ClearOrbit, Austin, Texas, is another software company taking this approach. It offers supply-chain execution "extensions" to ERP applications that require no independent data models or custom code. Three-quarters of the cost of ownership of best-of-breed software applications is related to synchronizing best-of-breed databases with the ERP database, says President Tom Dziersk. ClearOrbit's approach is to treat ERP as if it were an operating system like Windows. "Adding best-of-breed applications, with their separate databases, database integration issues and separate reporting engines would be like spending millions of dollars to add network security, icon management and navigation to Windows. Why duplicate what is already there?"
ClearOrbit's modules sit on top of ERP and use data that already resides in ERP, he says. "We are a best-of-breed supply-chain execution vendor in terms of functionality, but there is no disparate data, no duplicate set-up, no cost for integration and no re-implementation of ERP into this new solution. Basically, we are 100 percent about getting more value out of the infrastructure or system of record called ERP."
DW Morgan Co., Pleasanton, Calif., also believes that a lot of time, money and accuracy are lost because of unnecessary data duplication. "Our view is that information already exists out there that you need to run your business," says President David Morgan. "You just need to know where to go get it. Our solution resolves those inefficiencies by going out and getting information on demand."
Morgan describes the supply network as a set of databases connected by communications. "Our approach is to go out and get the information an application needs using network-to-network computing in an on-demand environment."

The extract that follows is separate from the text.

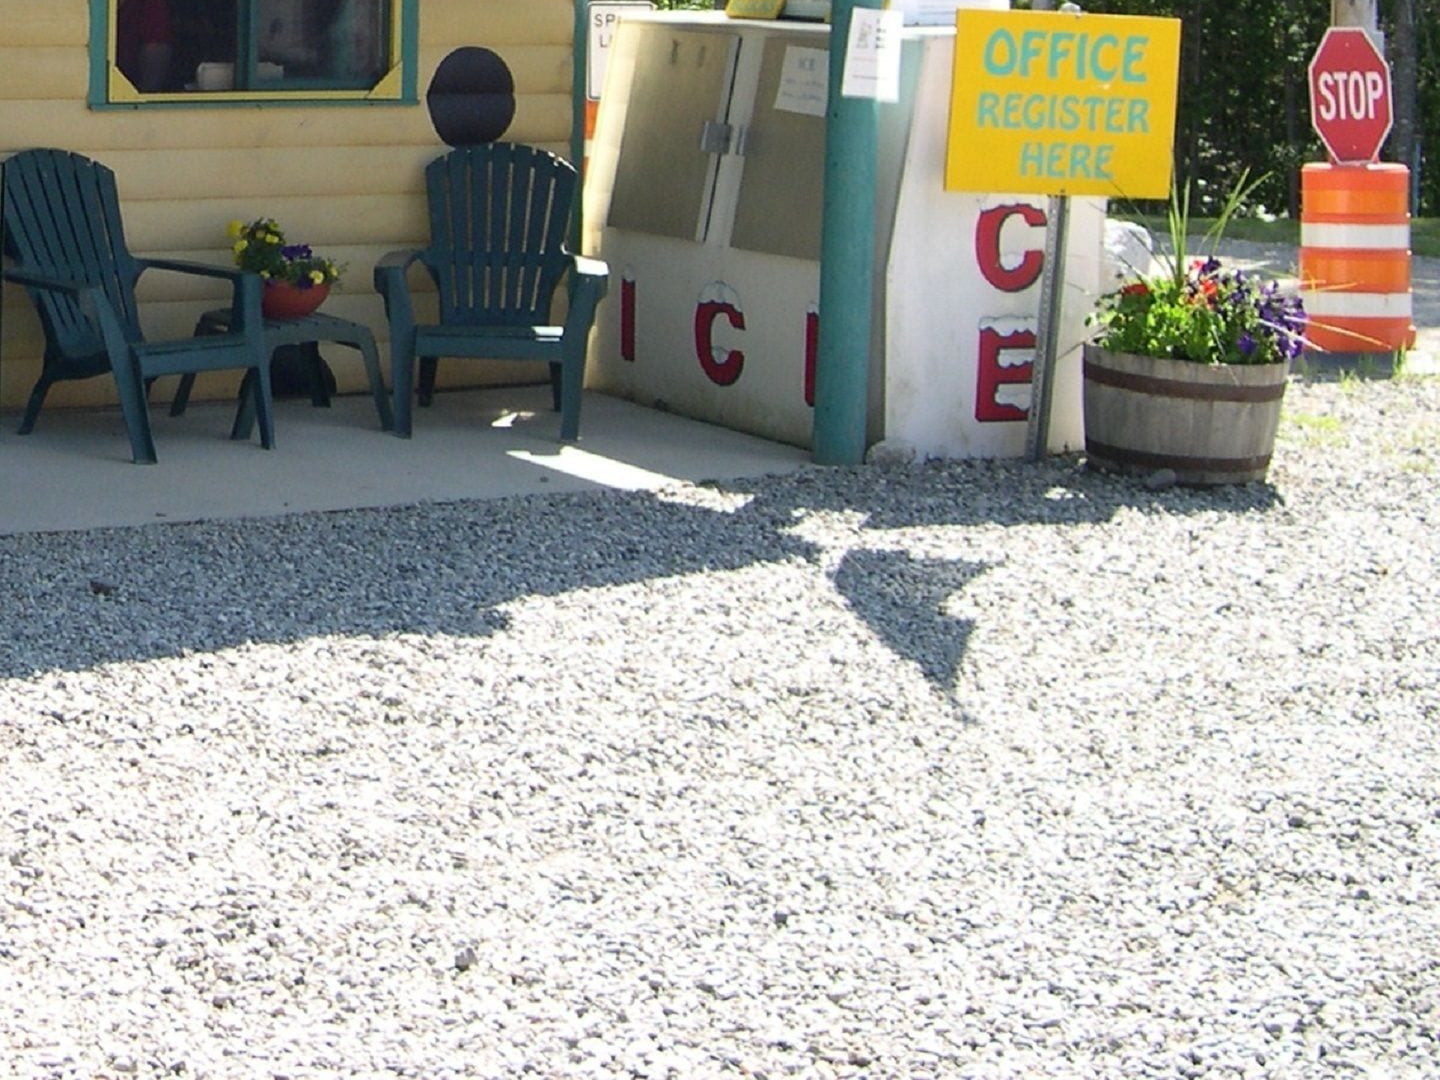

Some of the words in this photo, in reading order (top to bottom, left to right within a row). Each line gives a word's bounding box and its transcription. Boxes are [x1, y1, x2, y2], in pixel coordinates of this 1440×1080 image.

[983, 28, 1150, 83] OFFICE
[976, 92, 1150, 134] REGISTER
[1318, 70, 1384, 121] STOP
[1019, 142, 1115, 179] HERE

LegaSuite from Seagull Software, Atlanta, is yet another example of an SOA offering designed to enhance the use of legacy applications. "We do not change the underlying core applications," says Andre den Haan, senior vice president for product strategy. "We just put a layer on top that enables people or other applications to access your information in a secure way."
The re-use of existing IT assets is essential to closing the growing gap between business change and IT responsiveness, he says. "We can't code our way out of this problem. That would take too long and cost too much."

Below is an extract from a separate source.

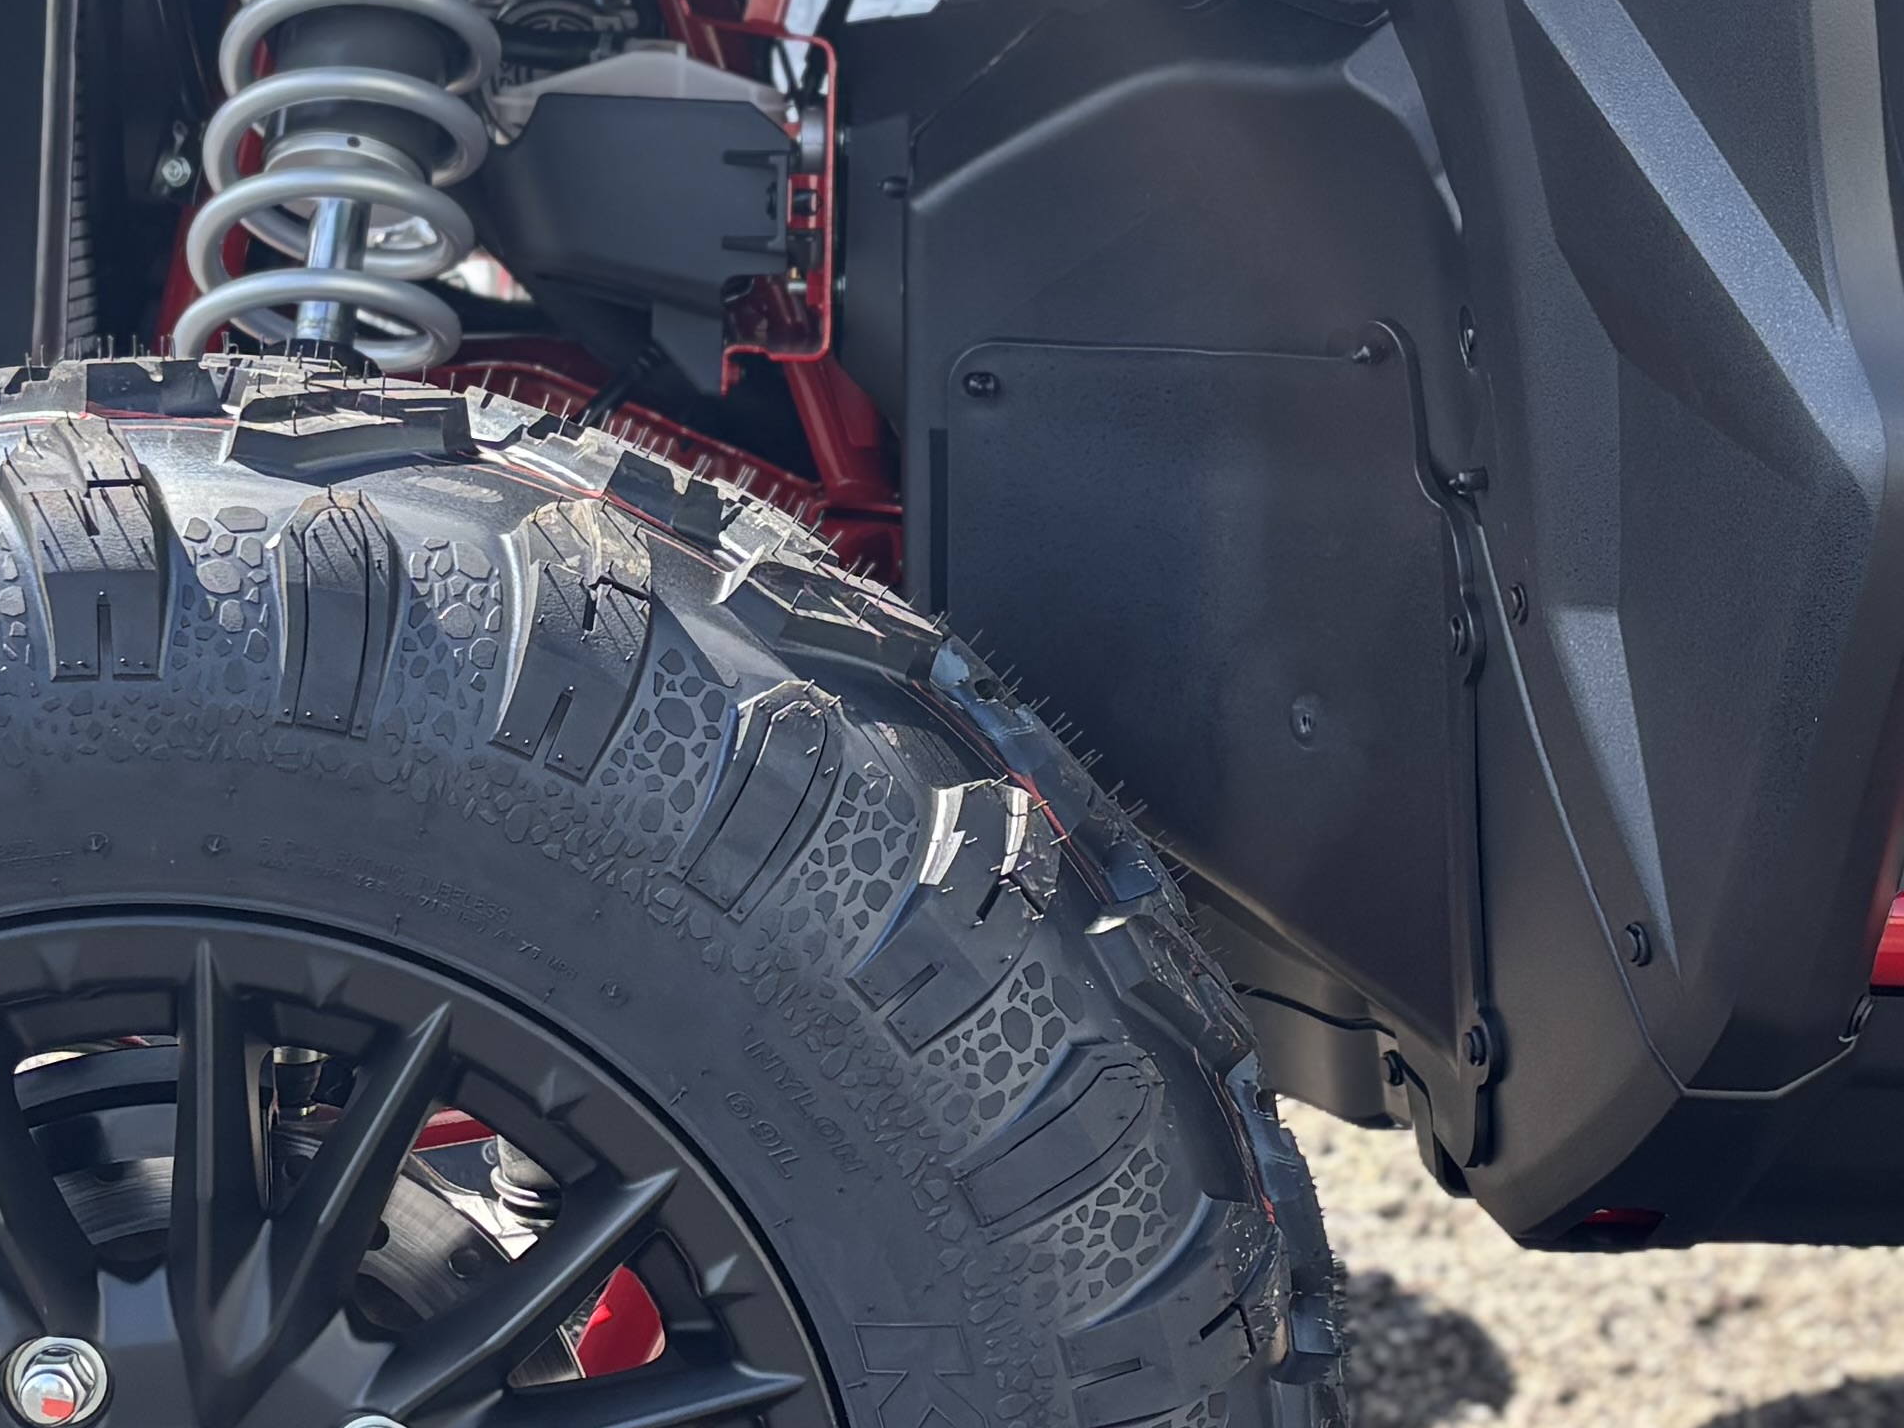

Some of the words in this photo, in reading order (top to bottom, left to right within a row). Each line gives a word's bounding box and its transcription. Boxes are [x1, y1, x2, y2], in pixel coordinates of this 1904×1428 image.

[414, 871, 515, 927] TUBELESS
[725, 1090, 800, 1180] 69L
[744, 1038, 868, 1173] NYLON

Kia Motors Germany recently implemented LegaSuite to give its 450 dealers visibility to Kia's inventory of cars and parts. "Before all this was handled by fax and the information was always old," says Frank Kruse of Kia. "We wanted an online system that would give our dealers access to data that was more current so they could support their customers in a better way."
Kia did not have to make any changes to its existing application or hire programmers with special skills, says Kruse. "It is like a pair of colored sunglasses. You see the graphical interface instead of the green screen, but it is the same data and you use the same application logic."

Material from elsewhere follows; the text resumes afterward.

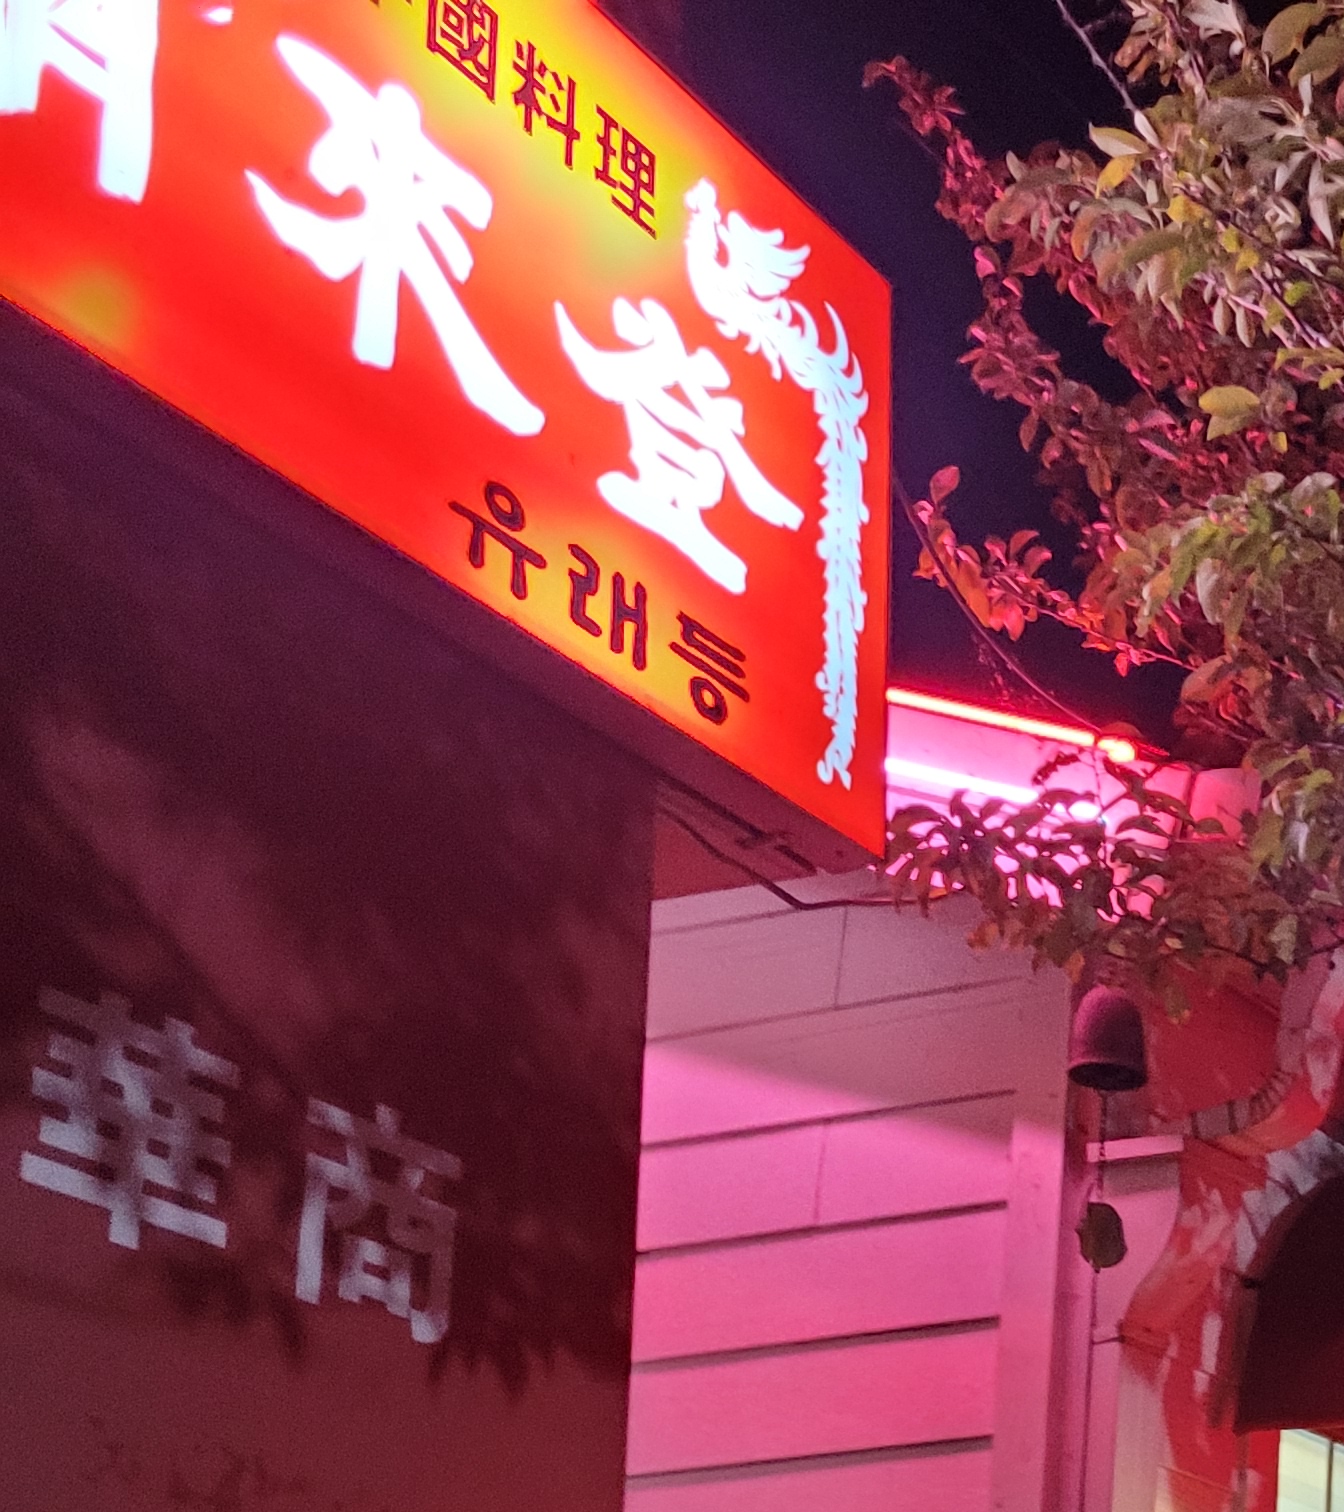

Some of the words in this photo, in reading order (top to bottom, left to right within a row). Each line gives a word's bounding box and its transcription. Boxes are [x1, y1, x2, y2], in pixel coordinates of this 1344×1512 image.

[370, 0, 658, 240] 國料理
[449, 481, 750, 726] 유래등
[20, 985, 463, 1344] 華商

The LegaSuite implementation was so successful in Germany that it was later rolled out to other Kia divisions throughout Europe.
"Using a service-oriented architecture really gives you an enhanced chance to be the company that can react better, faster and stronger than your competitors," says Roberts of webMethods.
"It makes possible a level and ease of integration that was not possible a few years ago. This is what we are talking to leaders in industry about and what we are seeing the most advanced companies execute on today."